Another day, another early start but just enough time to stop off at the Cathedral of St Helena, an impressive red roofed Catholic Church in the heart of town. The red roof and ornate double spire made for a good photo against the morning sky.
In the town we decided to visit the Grizzly and Wolf Discovery Centre, in the hope of seeing these majestic animals up close after yesterday’s fleeting glance.
The Centre is home to seven grizzly bears and a number of wolves, all who have had to be removed from the wild due to humans. Most have been too familiar with garbage and have become scavengers, posing a risk to visitors – others are the orphans of hunters.
The Centre is small but excellently maintained, giving you up close views of the animals in outdoor enclosures. Every day Rangers hide food as part of an enrichment programme to stimulate the bears, giving visitors a chance to watch the bears digging and foraging in the rocks or swimming the river and pond.
We entered the Park through the West Yellowstone Gate; our Annual Pass once again doing the trick.
Our first stop was at the Lower Geyser Basin and the Fountain Paint Pot – series of small steaming geysers. The smell of sulphur was overpowering as we made our way along the wooden boardwalk. The landscape was littered with dead trees amongst bubbling ponds – some grey and muddy, others shades of blue and orange. At the far end of the boardwalk a particularly active Geyser sprayed water 10ft in the air, casting a plume of steam 50ft into the sky.
We continued south towards Old Faithful, opting to pass the Midway Geyser which was packed – from the road we could see boiling water pouring off the geysers into the river but thought nothing off it.

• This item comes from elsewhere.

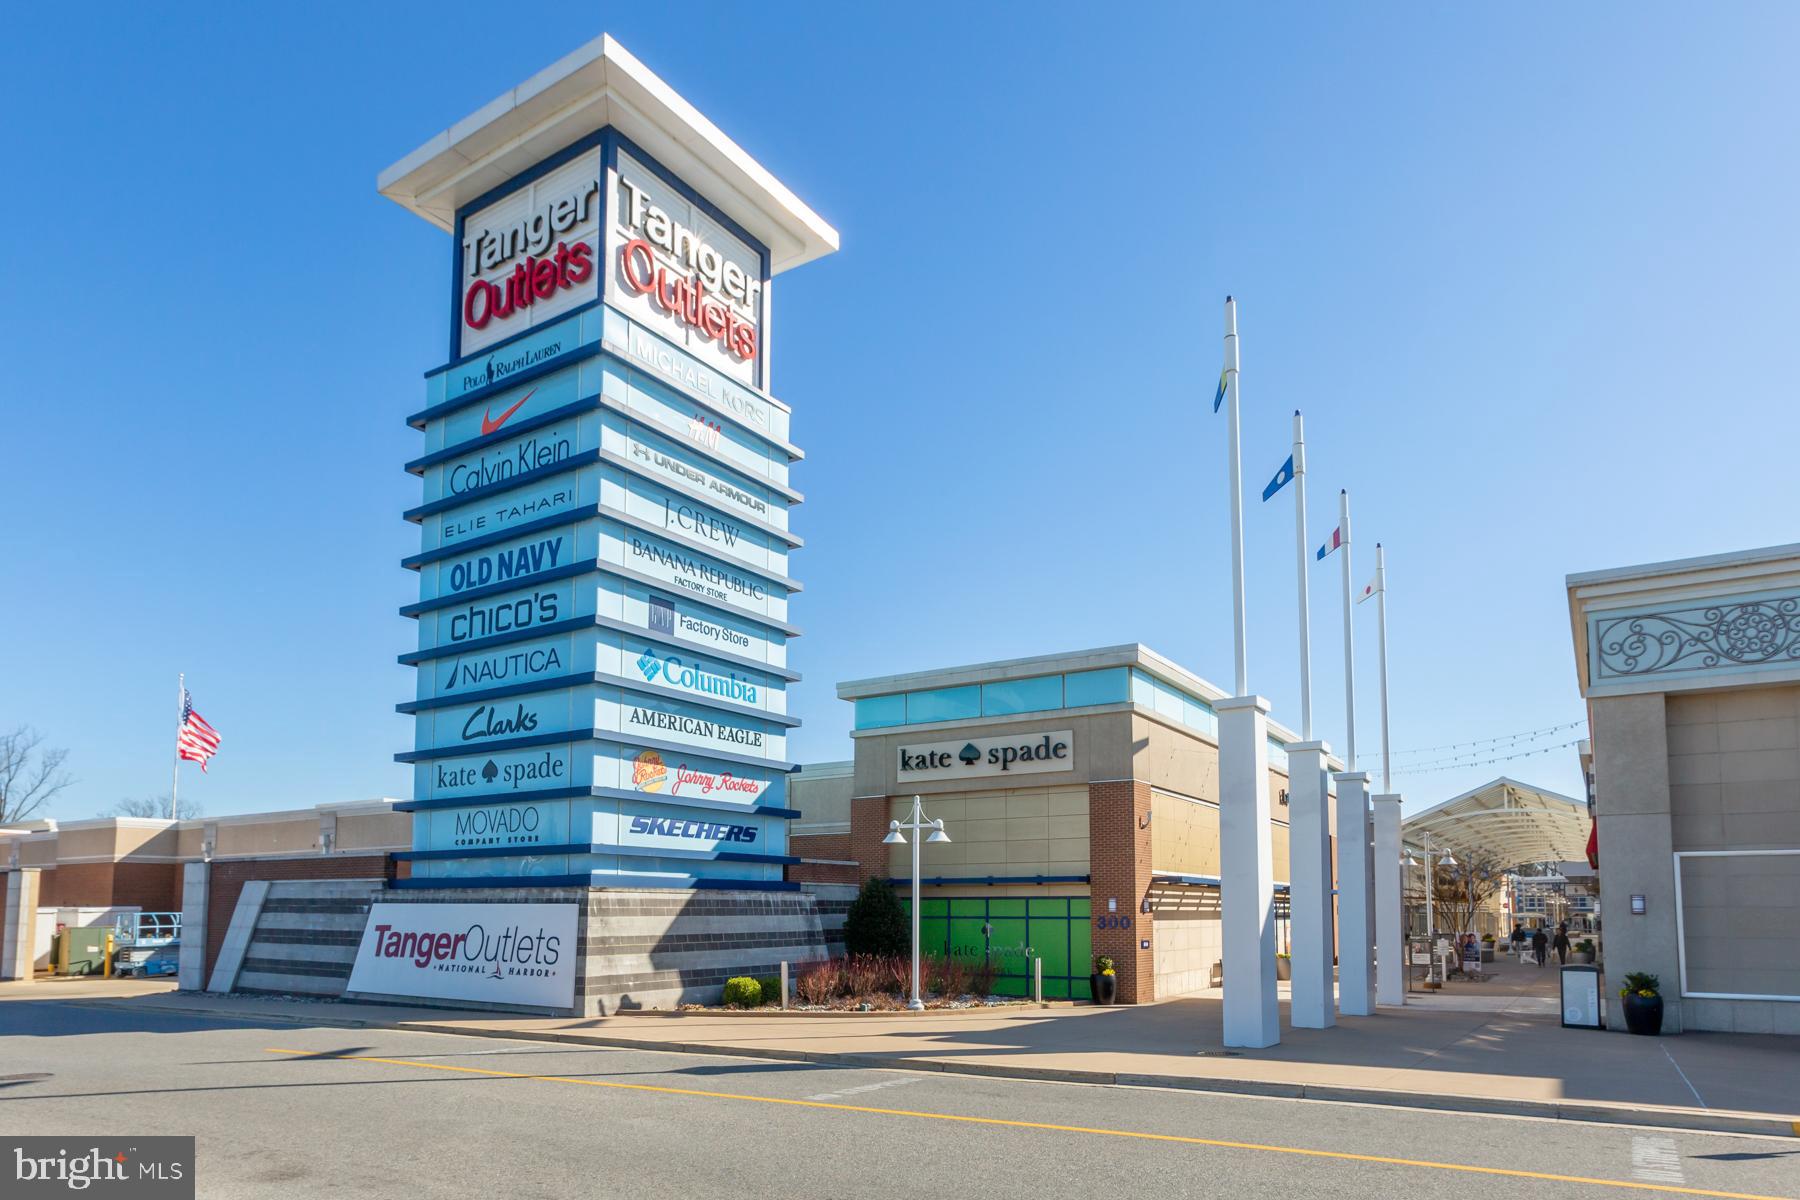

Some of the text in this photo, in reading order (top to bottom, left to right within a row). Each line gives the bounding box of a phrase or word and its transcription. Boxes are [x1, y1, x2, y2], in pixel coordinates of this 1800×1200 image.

Shortly after we arrived at the iconic Old Faithful Geyser which had been one of the must-see stops on our whole travels. Old Faithful is not the biggest nor the most regular Geyser in the Park but it is the biggest regular Geyser. It erupts every 90 minutes give or take ten minutes – the stream of vehicles rushing out of the car park indicating we’d just missed it!
The silver lining of our long wait was that we managed to get a parking space and a front row seat – while we held the seat Jamie bought us some lunch. Gradually the seating filled up, people crowded in behind us, some sat on the floor at our feet and others just barged their way onto our bench.

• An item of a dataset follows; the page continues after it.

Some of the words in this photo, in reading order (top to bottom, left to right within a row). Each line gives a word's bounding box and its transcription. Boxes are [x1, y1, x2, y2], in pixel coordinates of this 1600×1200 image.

With the crowds assembled and wedged in, Old Faithful erupted pretty much to the minute on schedule. She spouted water 20 or 30 metres in the air, casting a cloud of cold steam over us. The eruption was decidedly low key, absolutely no vibration or noise.
After just two minutes it was all over. Whilst a must-see, it was somewhat underwhelming and perhaps our expectations had been a little high.
After the ‘show’ finished we browsed the gift shop and museum and saw some spectacular photos of the Grand Prismatic Geyser at the Midway Geyser Basin which we had earlier by-passed because of the crowds.
We headed back in the wrong direction and battled the queues into the car park. From a small footbridge we could see the stream of steaming water, rolled down a small bright orange bank and into the river. Above the bank sat two massive brightly colours Geyser pools – the furthest one being Grand Prismatic.
Unfortunately due to the level of the boardwalk it was almost impossible to take in the the full colours and beauty of the geysers, and fit them into a photo.
Pleased with the results we continued our drive south to our Lodge, through Craig Pass and out of the South Entrance of Yellowstone and into Grand Teton National Park.
After a pleasant drive through Teton we exited at the town of Moran and found the Hatchet Lodge where we’d be staying for two nights. The log cabins made a nice change from roadside motels and we opted to have some dinner and drinks there.
The rooms themselves were large and comfortable and with two nights we had a chance to enjoy a few drinks and get a lay in, in a comfortable bed!